Schering Plough brengt onder meer het geneesmiddel PegIntron (generieke naam: peginterferon-alfa-2b) op de markt. PegIntron is geïntroduceerd voor de behandeling van volwassen patiënten met histologisch bewezen chronische hepatitis C die verhoogde transaminisenconcentraties hebben zonder leverdecompensatie en die positief zijn voor HCV-RNA of anti-HCV in het serum.
Roche heeft een geneesmiddel ontwikkeld onder de naam Pegasys (peginterferon alfa-2a). Roche heeft een aanvraag tot registratie van dit geneesmiddel ingediend. Pegasys zal geïndiceerd zijn voor hepatitis C en zal rechtstreeks concurrend zijn met het geneesmiddel van Schering Plough.
B. De klacht en het verzoek van Schering Plough:
De bezwaren van Schering Plough tegen de reclame-uitingen van Roche terzake Pegasys bestaan uit de volgende onderdelen:
a) ontoelaatbare reclame voor het ongeregistreerde receptgeneesmiddel Pegasys;
b) onjuiste en/of misleidende vergelijkende reclame van Pegasys met de huidige therapieën.
Ad. a.
Roche heeft op haar website een voor beroepsbeoefenaren en het publiek toegankelijk persbericht geplaatst, dat betrekking heeft op het nog niet geregistreerde geneesmiddel Pegasys. Het persbericht kan op de homepage van www.roche.nl onder de titel “Hoop op genezing voor hepatitis C-patiënten” worden aangeklikt, waarna het vervolgens voor een ieder beschikbaar is. In het betreffende persbericht met als titel de claim “Hoop op genezing voor hepatitis C-patiënten”, wordt veelvuldig en op prominente wijze de merknaam van peginterferon alfa-2a, Pegasys, genoemd. Hierdoor maakt Roche reclame voor een ongeregistreerd receptgeneesmiddel.

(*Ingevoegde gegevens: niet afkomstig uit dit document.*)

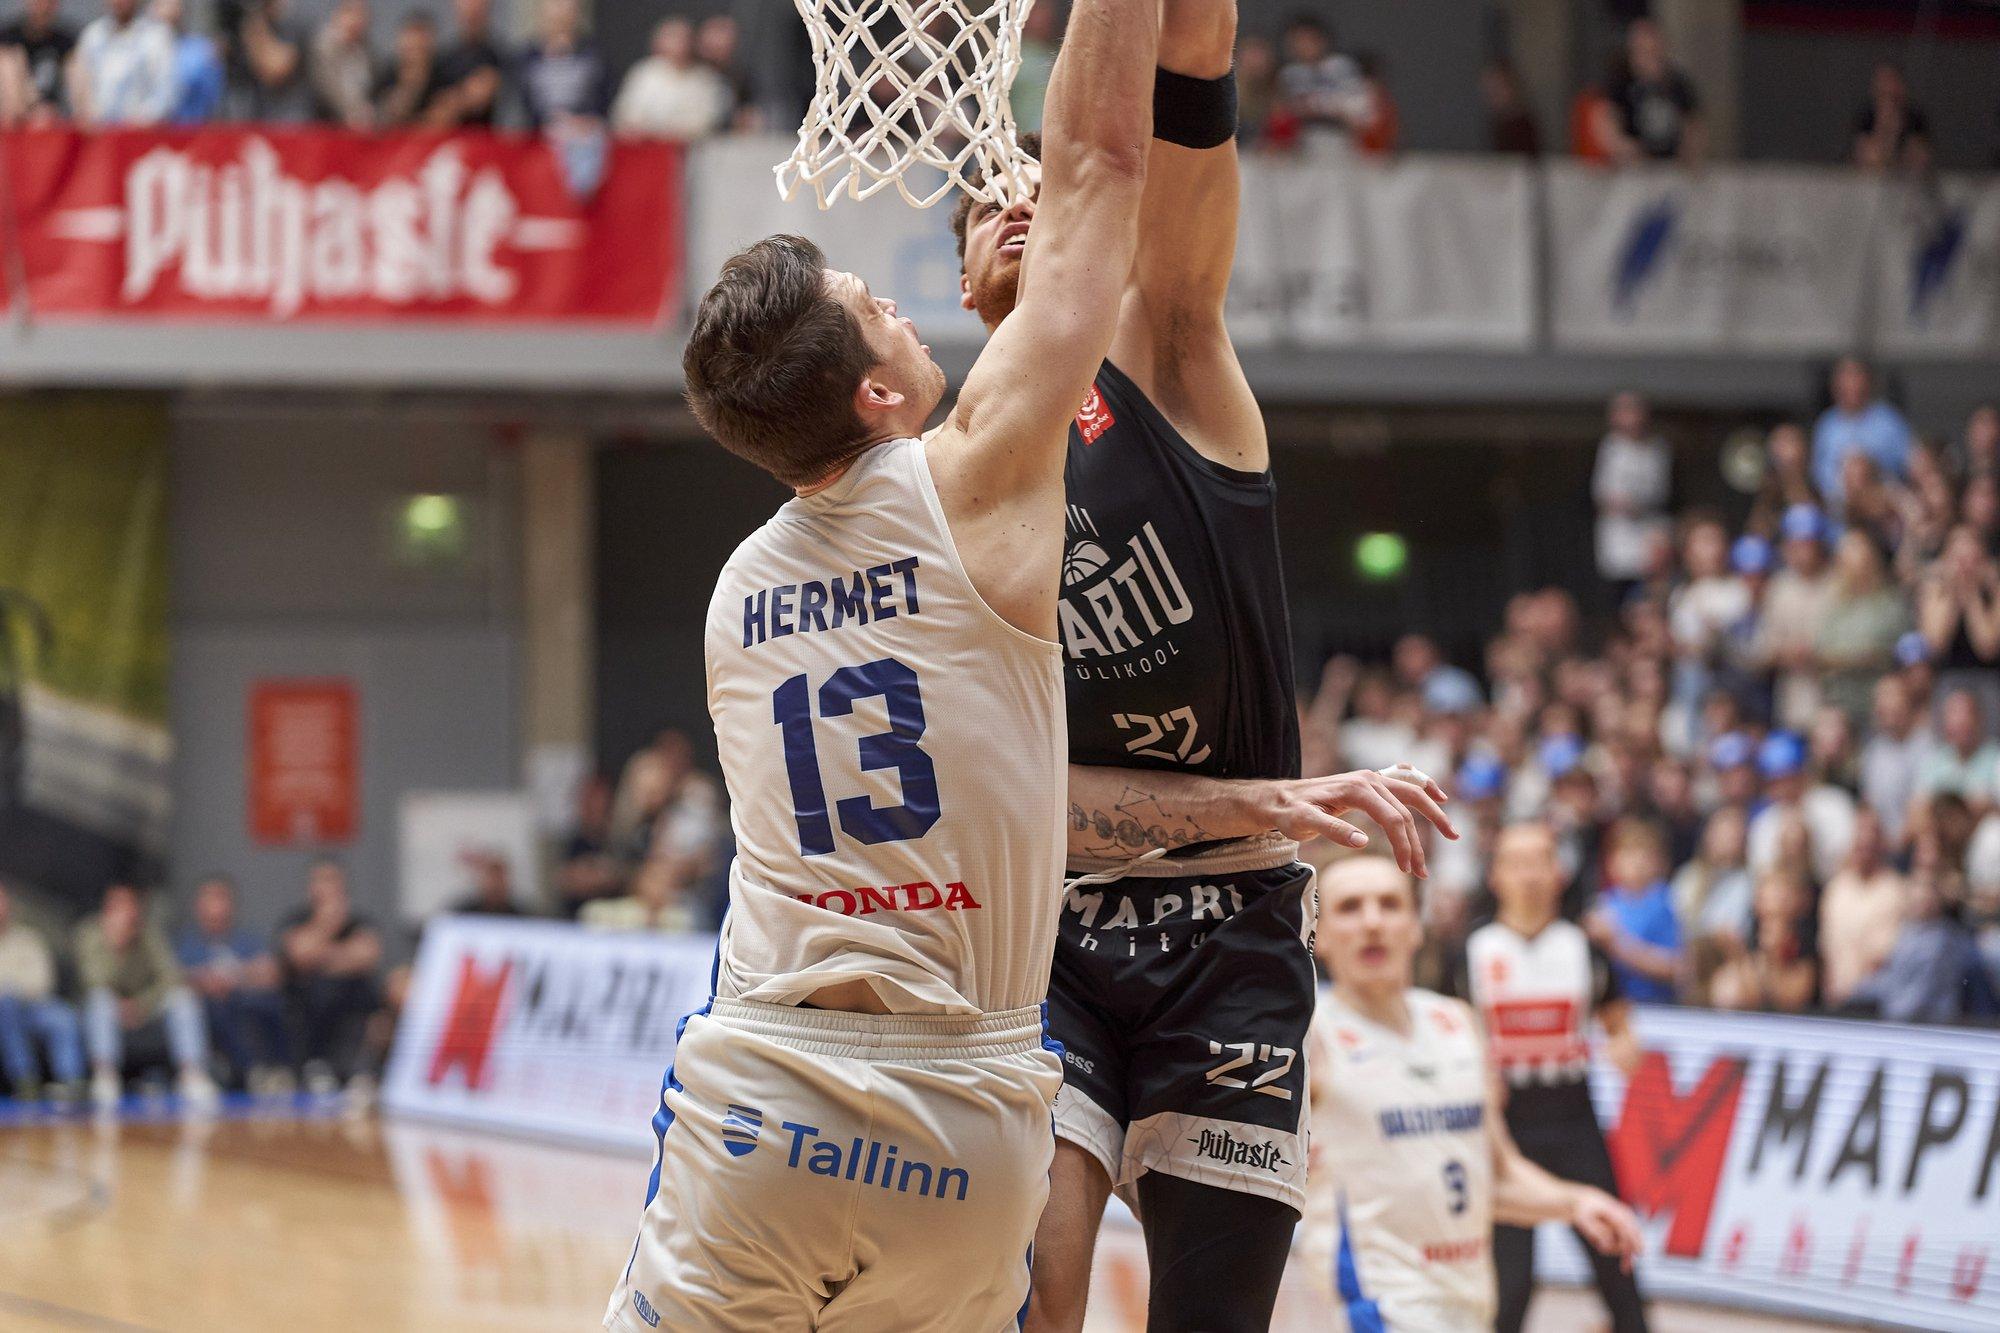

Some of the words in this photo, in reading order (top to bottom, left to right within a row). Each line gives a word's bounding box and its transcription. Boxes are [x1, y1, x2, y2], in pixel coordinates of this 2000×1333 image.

Door het veelvuldig en prominent verwijzen naar het merk Pegasys, de kop van het persbericht “Hoop op genezing voor hepatitis C-patiënten”, de kwalificatie als “uniek” en de mededeling “daarmee is een belangrijke stap gezet op weg naar goedkeuring van het geneesmiddel in de EU, als monotherapie of in combinatie met ribavirine” wordt Pegasys nadrukkelijk onder de aandacht van de voorschrijvers gebracht en daarmee geïntroduceerd. Dit moet worden aangemerkt als een vorm van stimulering die bedoeld is om de verkoop, het afleveren, het voorschrijven of het verbruik van het geneesmiddel (in de toekomst) te bevorderen en is dus reclame voor het ongeregistreerde geneesmiddel Pegasys en daarmee in strijd met het verbod op het maken van reclame voor ongeregistreerde geneesmiddelen als opgenomen in het Reclamebesluit Geneesmiddelen.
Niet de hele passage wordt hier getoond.